> TASK INSTRUCTIONS: Transcribe all of the records, leaving out any pictures.

> EXCERPTED RECORDS:
*** Begin section ***
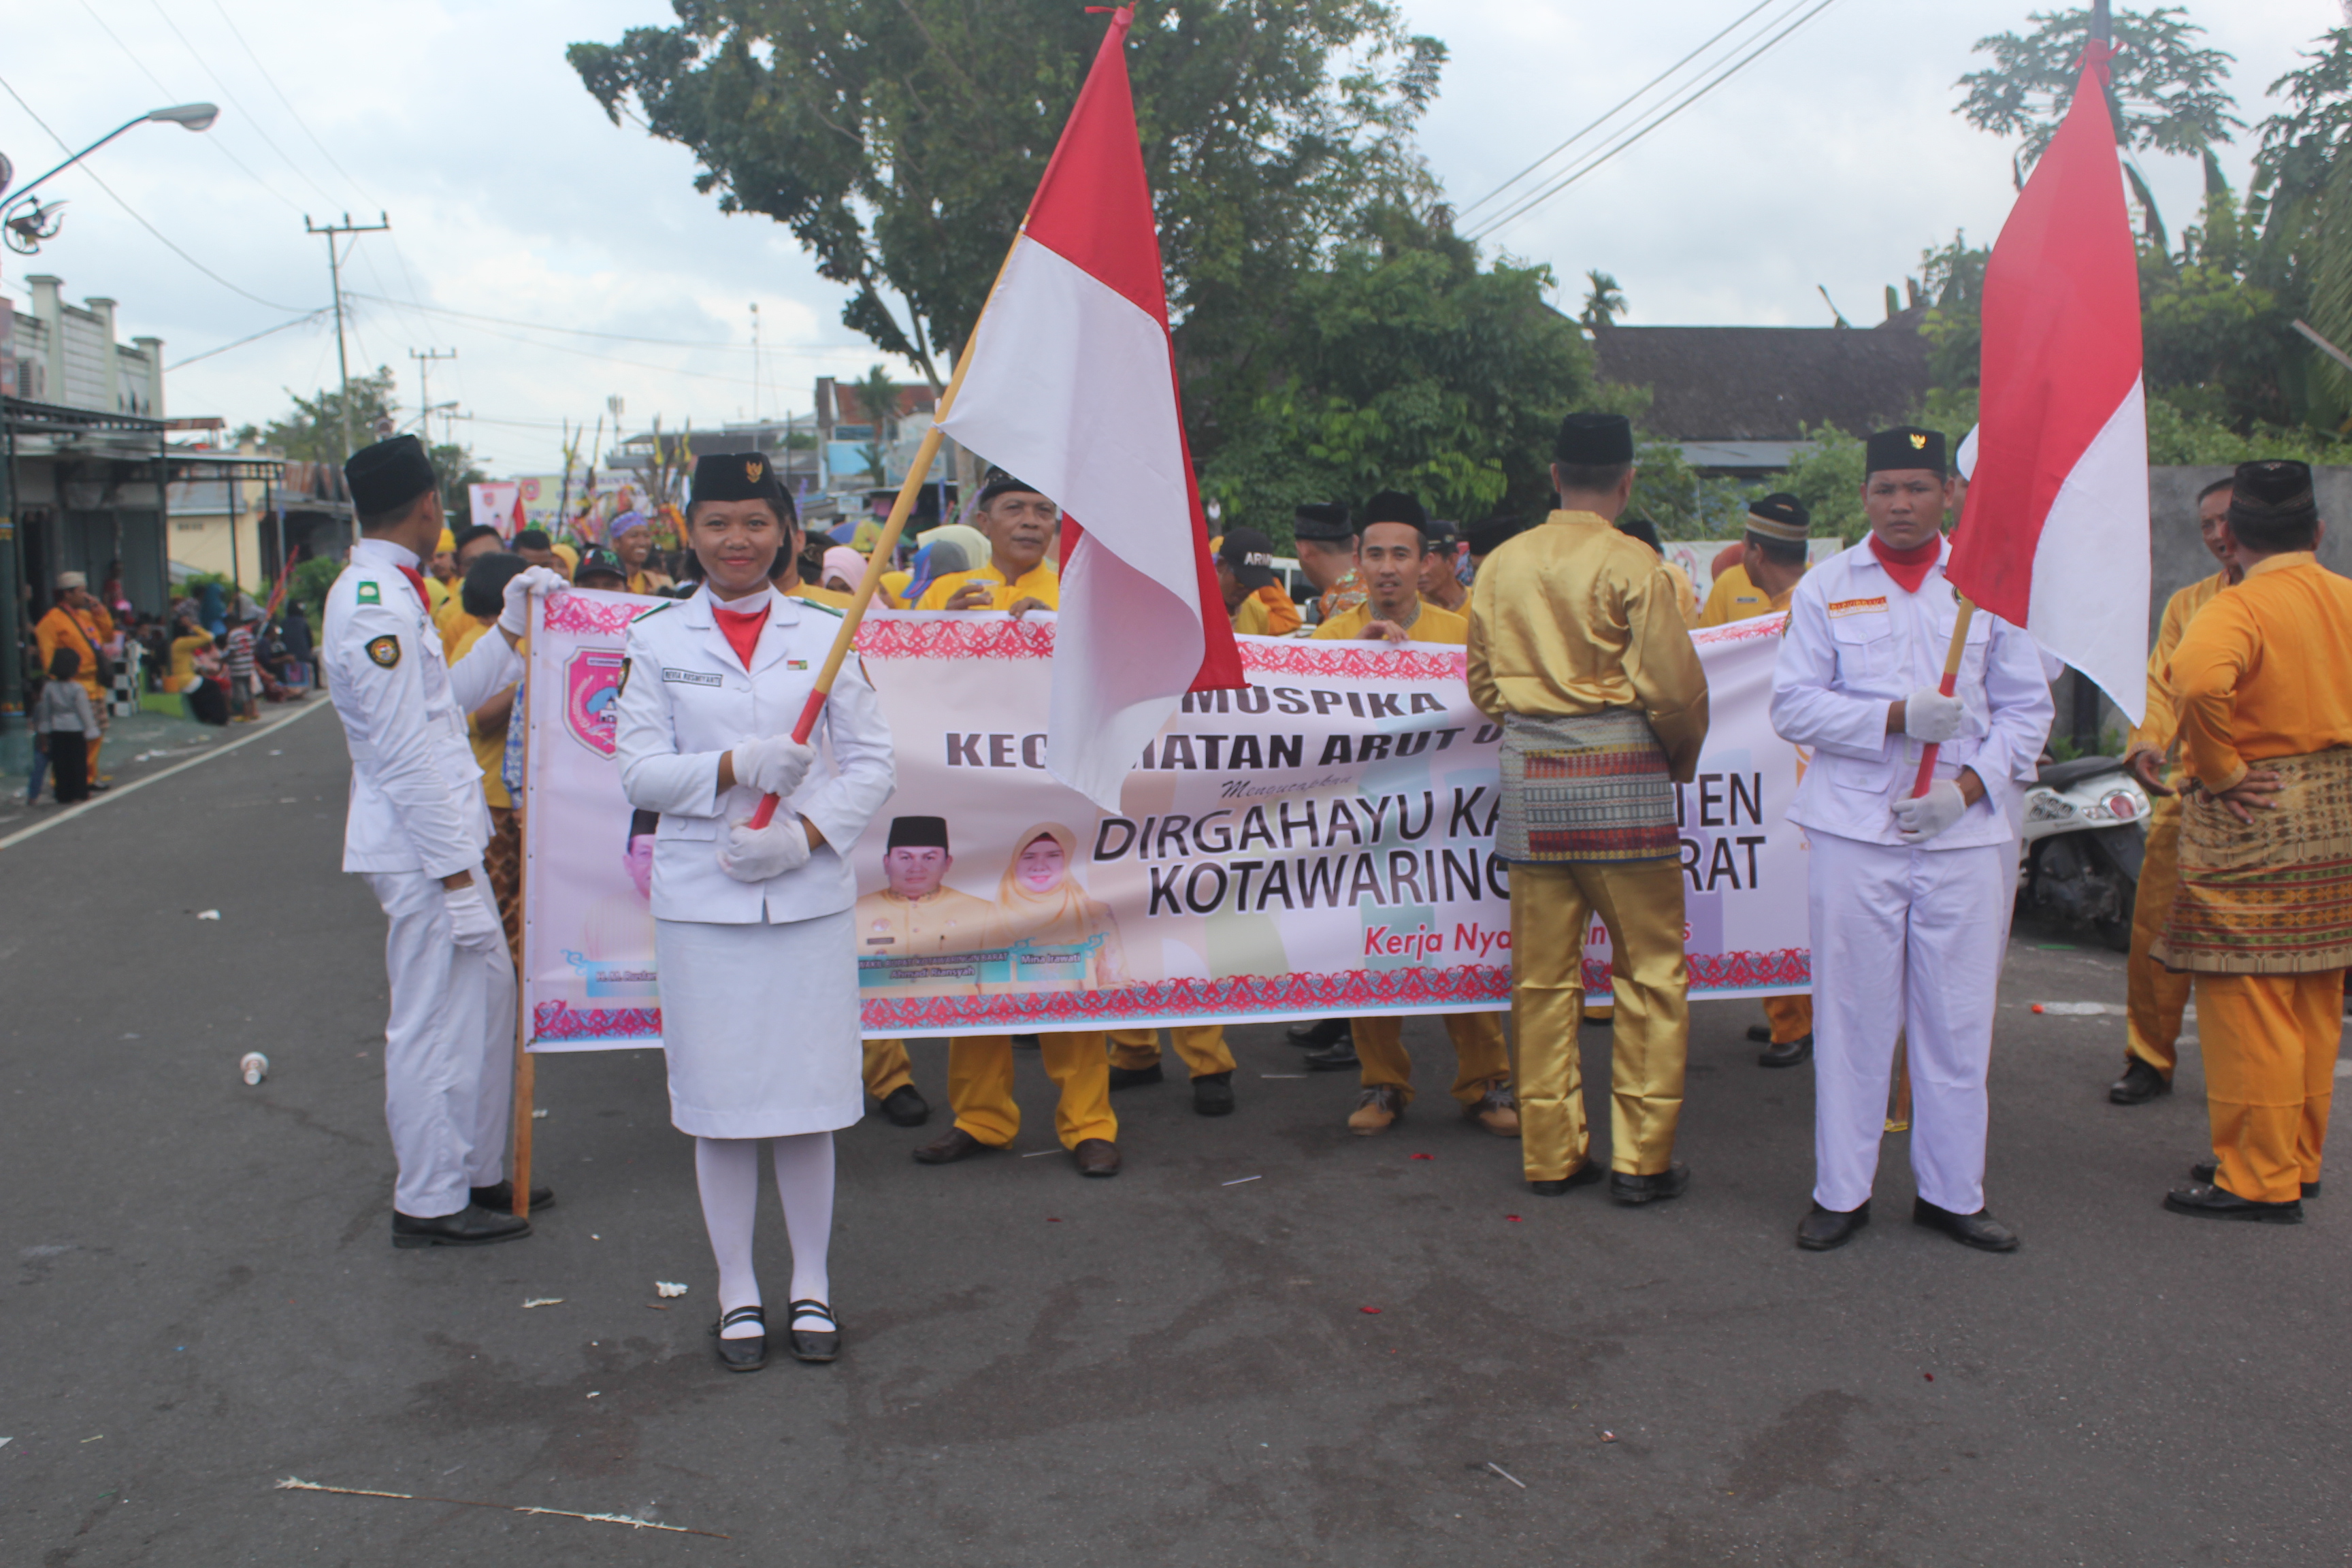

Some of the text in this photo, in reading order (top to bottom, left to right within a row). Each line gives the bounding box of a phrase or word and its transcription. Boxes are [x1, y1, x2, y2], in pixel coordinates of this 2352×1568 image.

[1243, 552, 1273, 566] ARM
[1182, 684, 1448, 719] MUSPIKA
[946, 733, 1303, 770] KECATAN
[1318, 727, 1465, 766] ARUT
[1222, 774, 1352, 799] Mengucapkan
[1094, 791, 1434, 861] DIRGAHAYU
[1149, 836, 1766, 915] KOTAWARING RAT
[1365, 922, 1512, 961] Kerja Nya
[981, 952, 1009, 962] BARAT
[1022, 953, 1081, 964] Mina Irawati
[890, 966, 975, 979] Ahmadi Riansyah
*** End section ***
> ANSWER SECTION:
Some of the text in this photo, in reading order (top to bottom, left to right within a row). Each line gives the bounding box of a phrase or word and its transcription. Boxes are [x1, y1, x2, y2], in pixel coordinates of this 2352×1568 image.

[1243, 552, 1273, 566] ARM
[1182, 684, 1448, 719] MUSPIKA
[946, 733, 1303, 770] KECATAN
[1318, 727, 1465, 766] ARUT
[1222, 774, 1352, 799] Mengucapkan
[1094, 791, 1434, 861] DIRGAHAYU
[1149, 836, 1766, 915] KOTAWARING RAT
[1365, 922, 1512, 961] Kerja Nya
[981, 952, 1009, 962] BARAT
[1022, 953, 1081, 964] Mina Irawati
[890, 966, 975, 979] Ahmadi Riansyah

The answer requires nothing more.